* [WHAT YOU SHOULD DO]: Pictures must be kept out of the copy. Every entry is to be duplicated exactly.

* [DATASET RECORDS]:
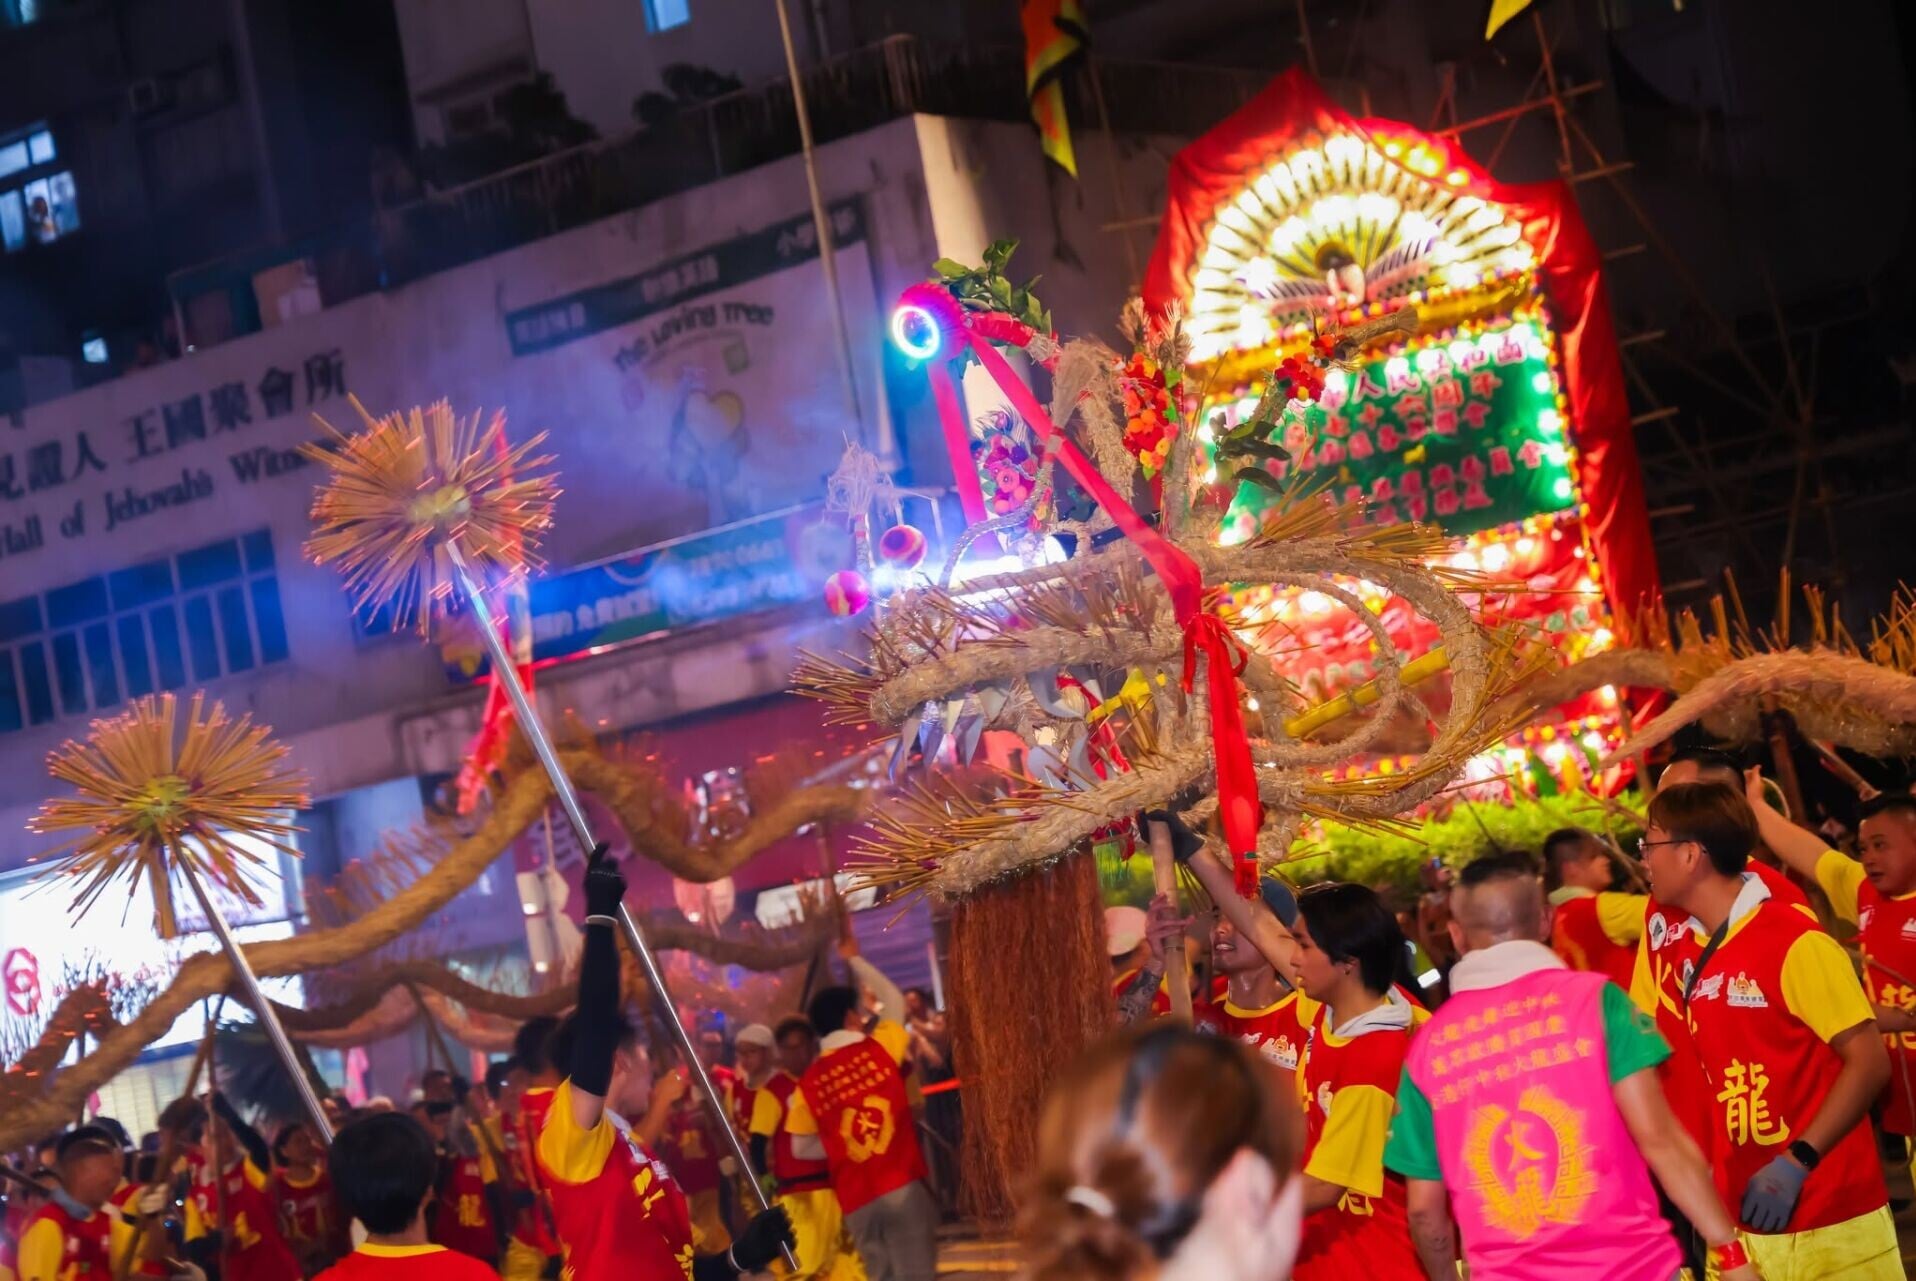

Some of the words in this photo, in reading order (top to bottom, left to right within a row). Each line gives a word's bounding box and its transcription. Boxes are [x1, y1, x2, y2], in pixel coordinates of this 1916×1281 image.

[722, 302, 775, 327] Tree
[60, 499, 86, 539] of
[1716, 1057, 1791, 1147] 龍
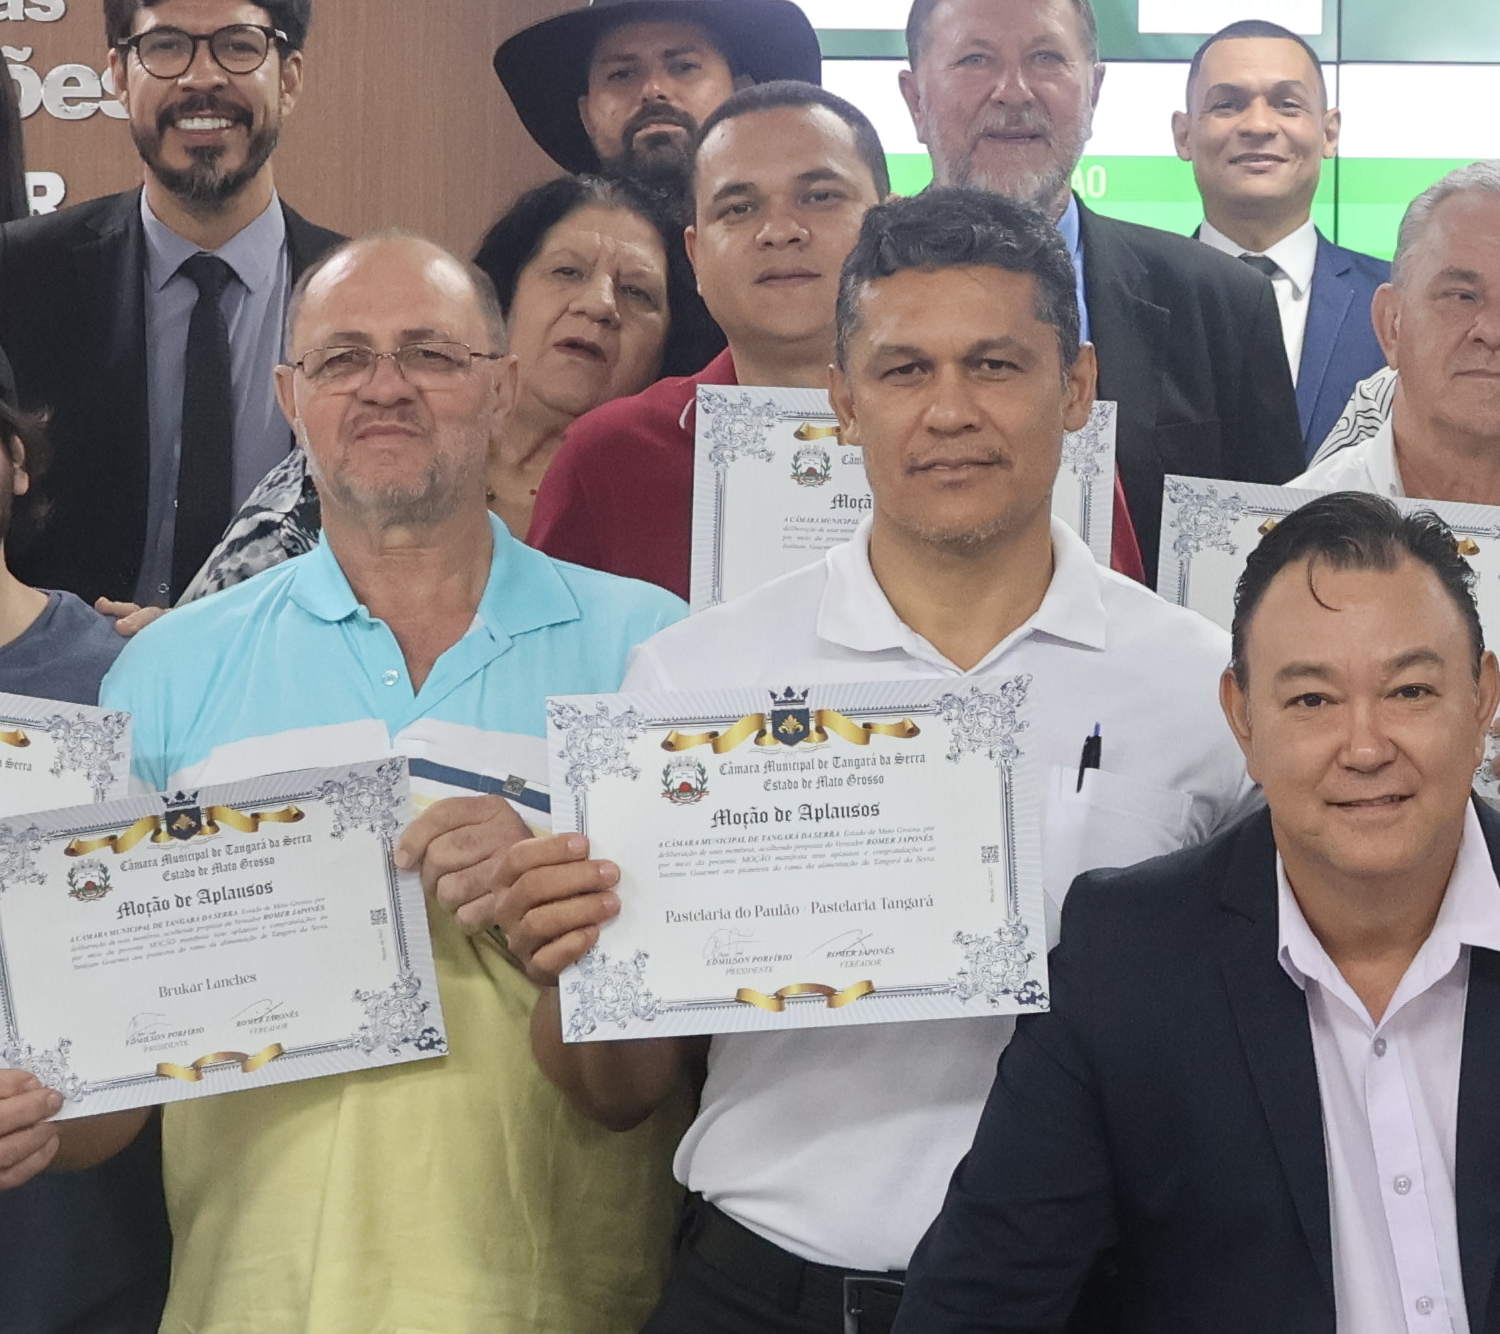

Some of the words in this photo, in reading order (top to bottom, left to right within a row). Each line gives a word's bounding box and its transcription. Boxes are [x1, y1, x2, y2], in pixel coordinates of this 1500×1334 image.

* [TASK RESULT]:
Some of the words in this photo, in reading order (top to bottom, left to right within a row). Each line gives a word's bounding box and its transcription. Boxes are [x1, y1, x2, y2], in pixel coordinates of this 1916×1281 image.

[722, 302, 775, 327] Tree
[60, 499, 86, 539] of
[1716, 1057, 1791, 1147] 龍

Some of the words in this photo, in reading order (top to bottom, left to right within a row). Each line gives a word's bounding box and its transcription. Boxes are [x1, y1, x2, y2], in pixel coordinates of this 1500×1334 image.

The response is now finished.